DIRECTIONS FOR THIS TASK:
Your copy must hold every line of the records word for word. It must hold no pictures.

DATA FOR ANALYSIS:

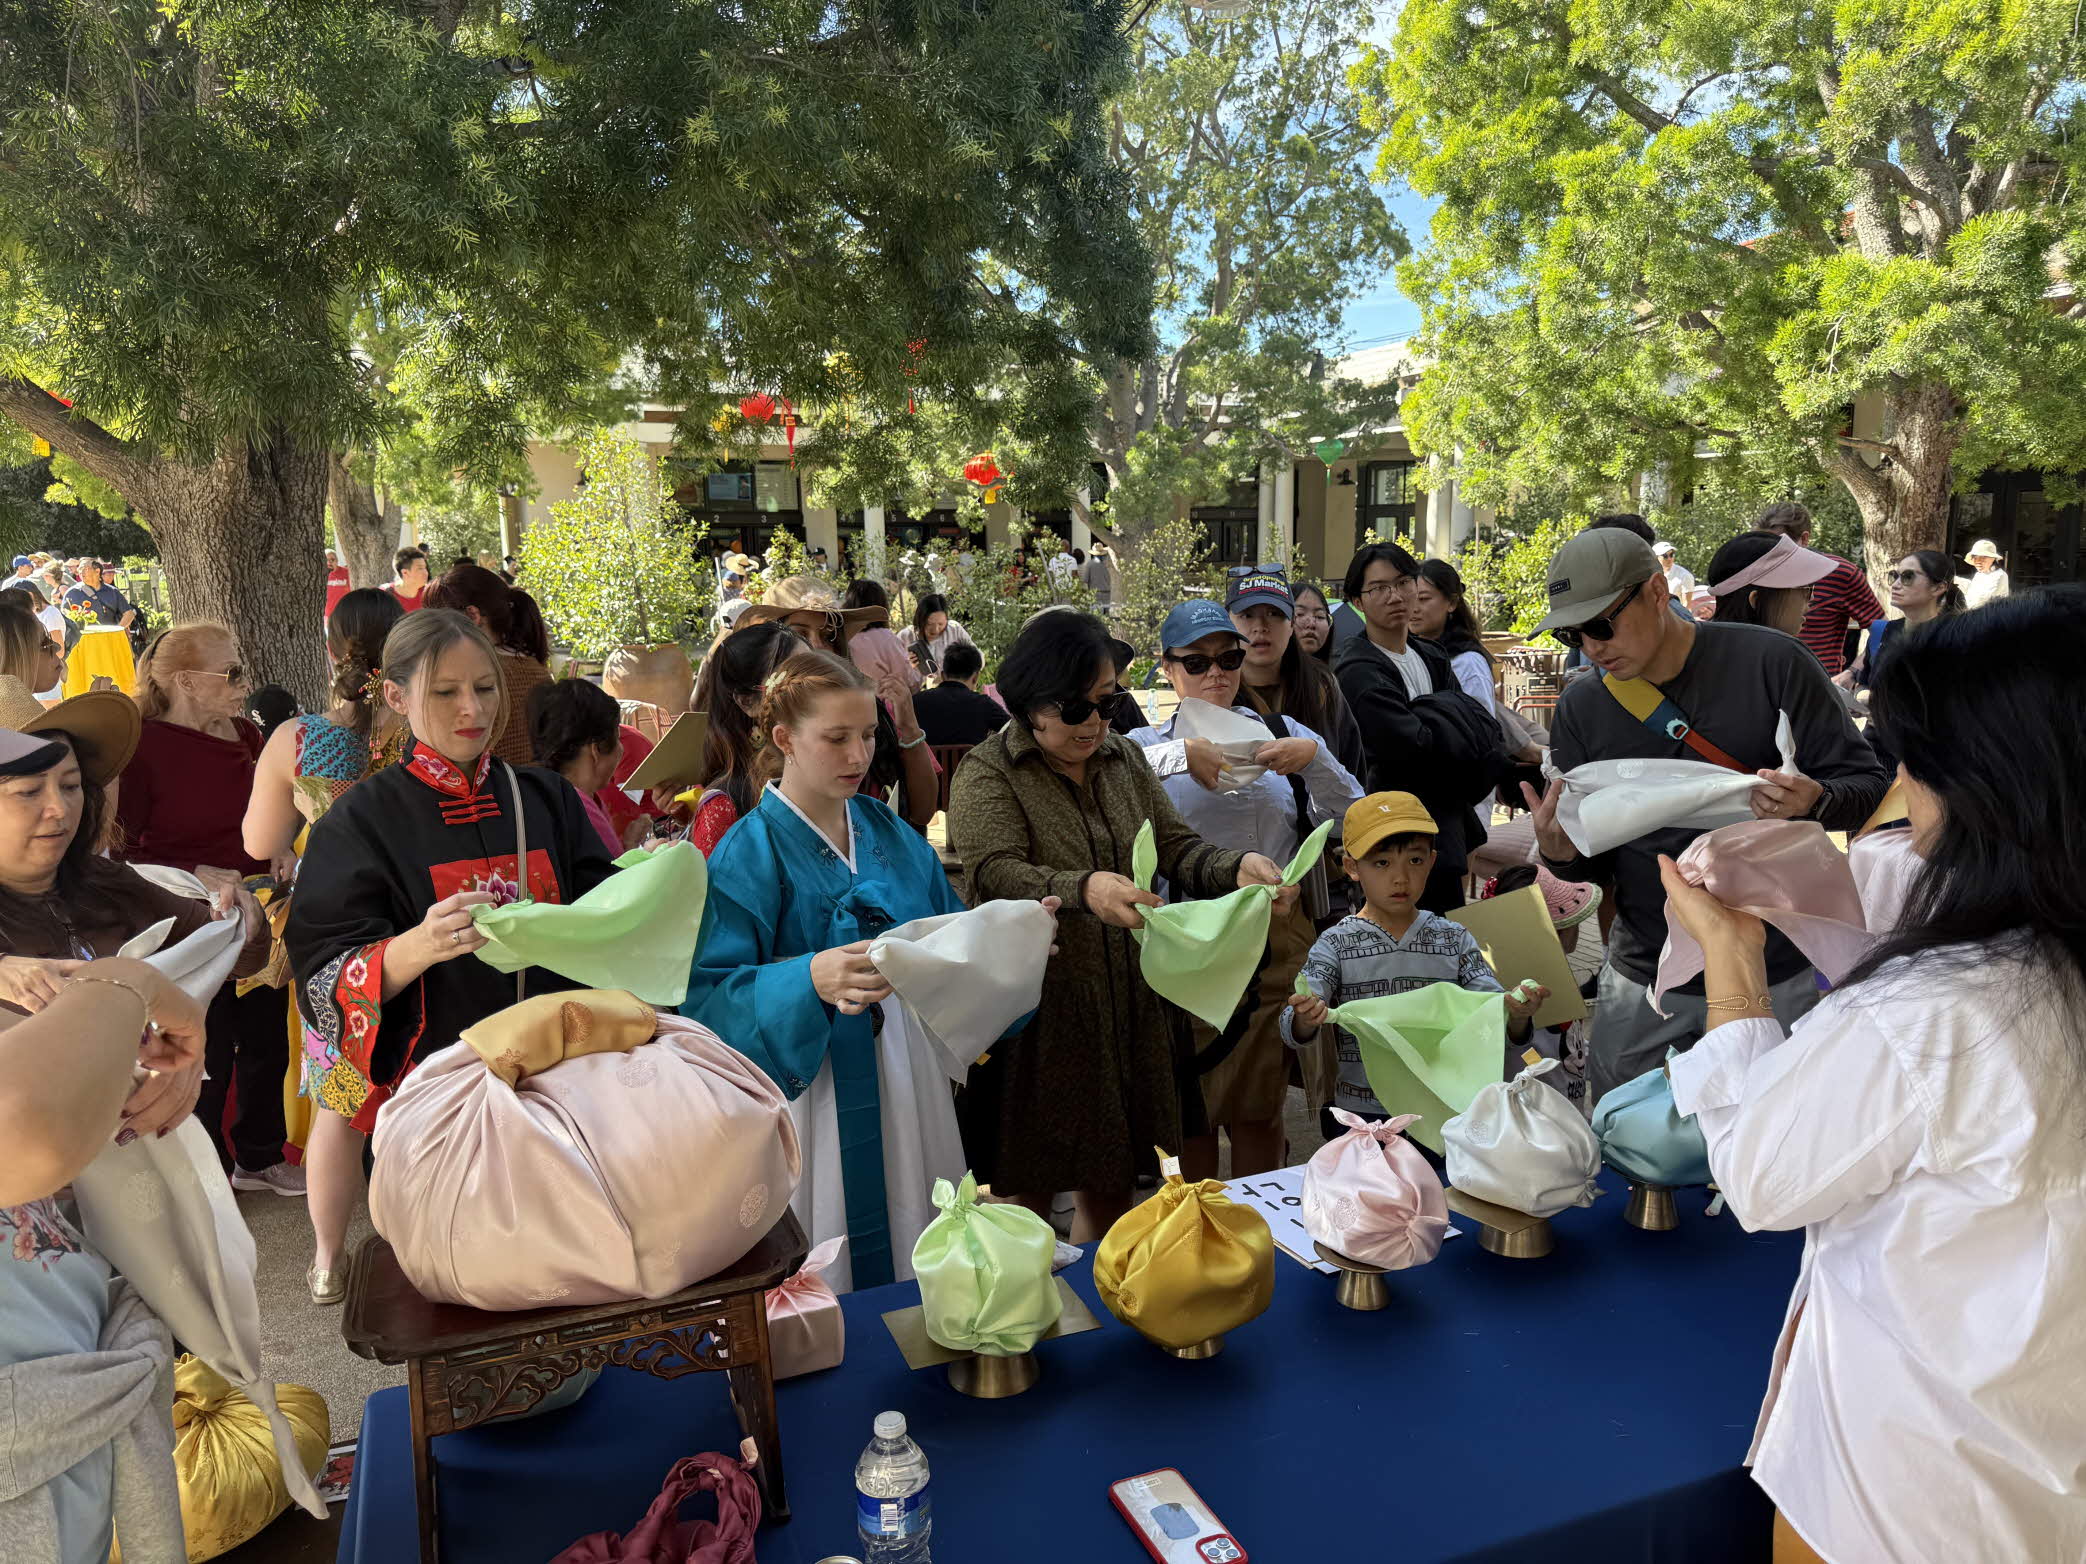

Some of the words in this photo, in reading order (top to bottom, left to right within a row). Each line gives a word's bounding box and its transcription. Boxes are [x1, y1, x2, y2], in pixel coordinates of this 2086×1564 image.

[713, 514, 721, 524] 2
[761, 514, 768, 524] 3
[891, 514, 897, 522] 5
[939, 513, 945, 522] 6
[1239, 579, 1253, 590] SJ
[1254, 579, 1289, 594] Market
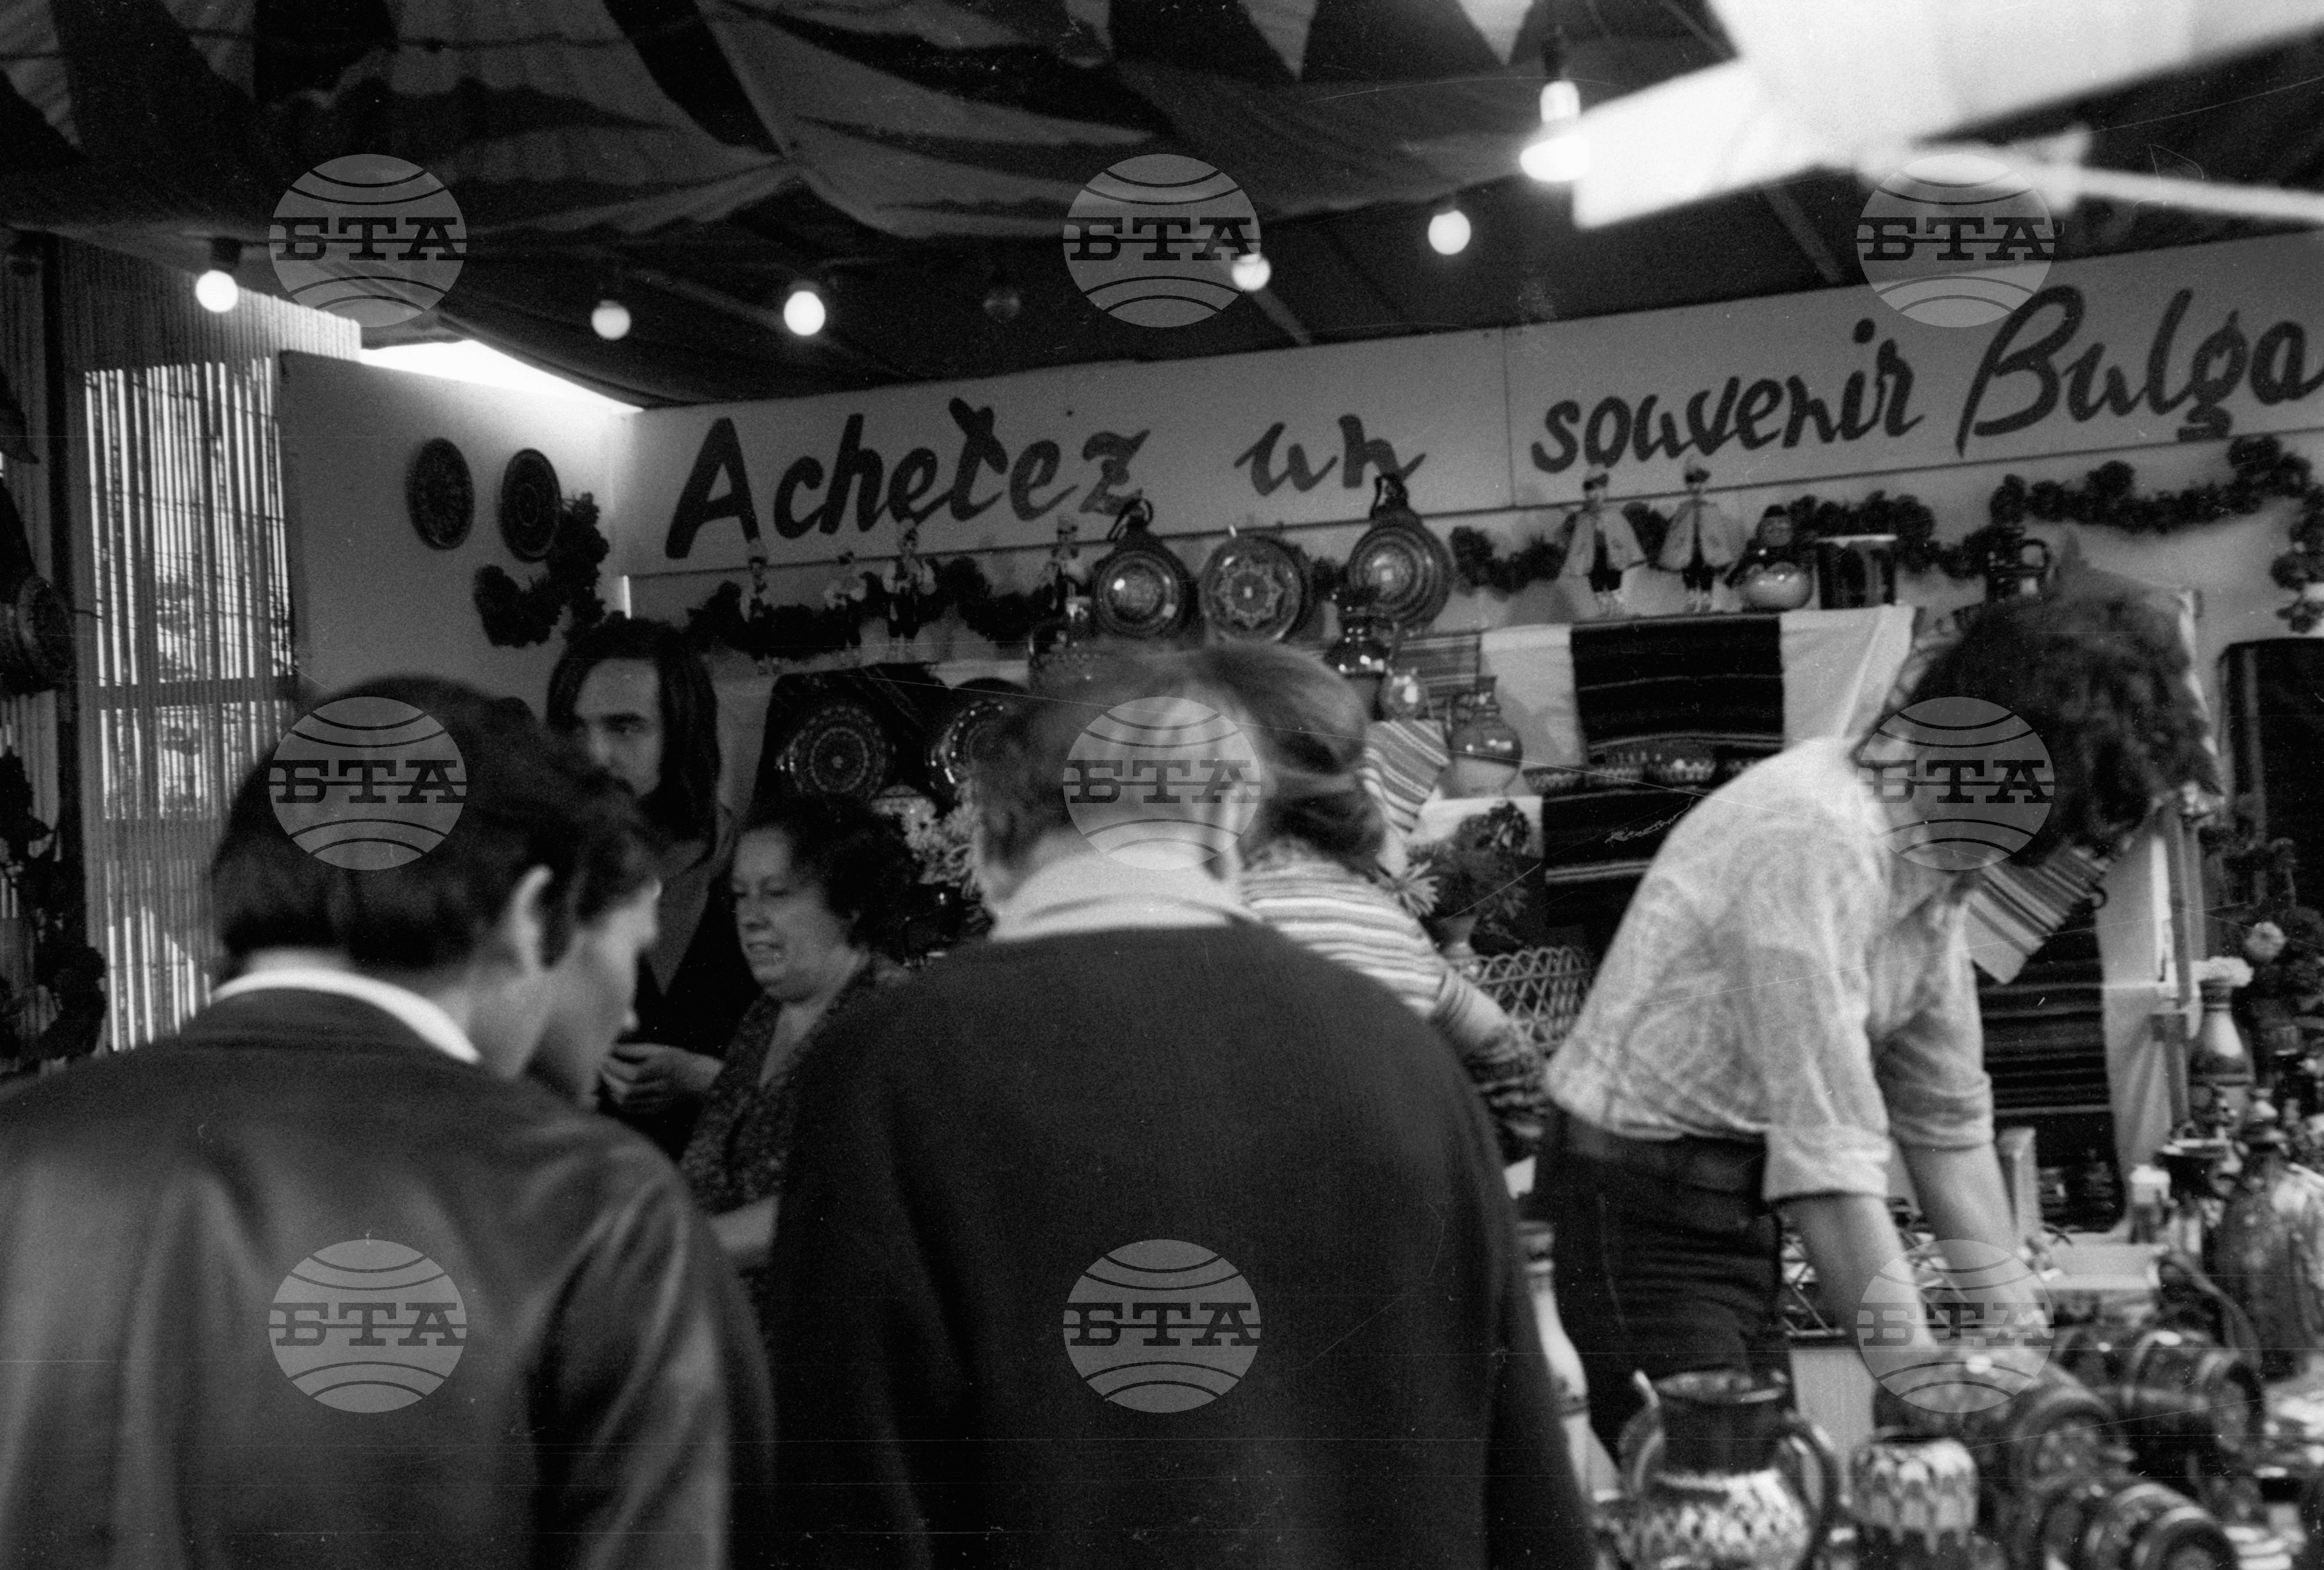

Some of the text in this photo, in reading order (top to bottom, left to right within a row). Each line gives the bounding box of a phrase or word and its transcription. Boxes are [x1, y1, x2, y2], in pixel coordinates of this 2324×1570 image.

FINISHED TASK:
Some of the words in this photo, in reading order (top to bottom, left to right within a row). Each line gives a word's bounding box and its transcription. Boxes are [x1, y1, x2, y2], in pixel coordinates of this 2086×1564 image.

[713, 514, 721, 524] 2
[761, 514, 768, 524] 3
[891, 514, 897, 522] 5
[939, 513, 945, 522] 6
[1239, 579, 1253, 590] SJ
[1254, 579, 1289, 594] Market

Some of the text in this photo, in reading order (top to bottom, left to right within a row). Each line gives the bounding box of a phrase or word and its transcription. Boxes are [x1, y1, x2, y2], in pixel coordinates of this 2324×1570 image.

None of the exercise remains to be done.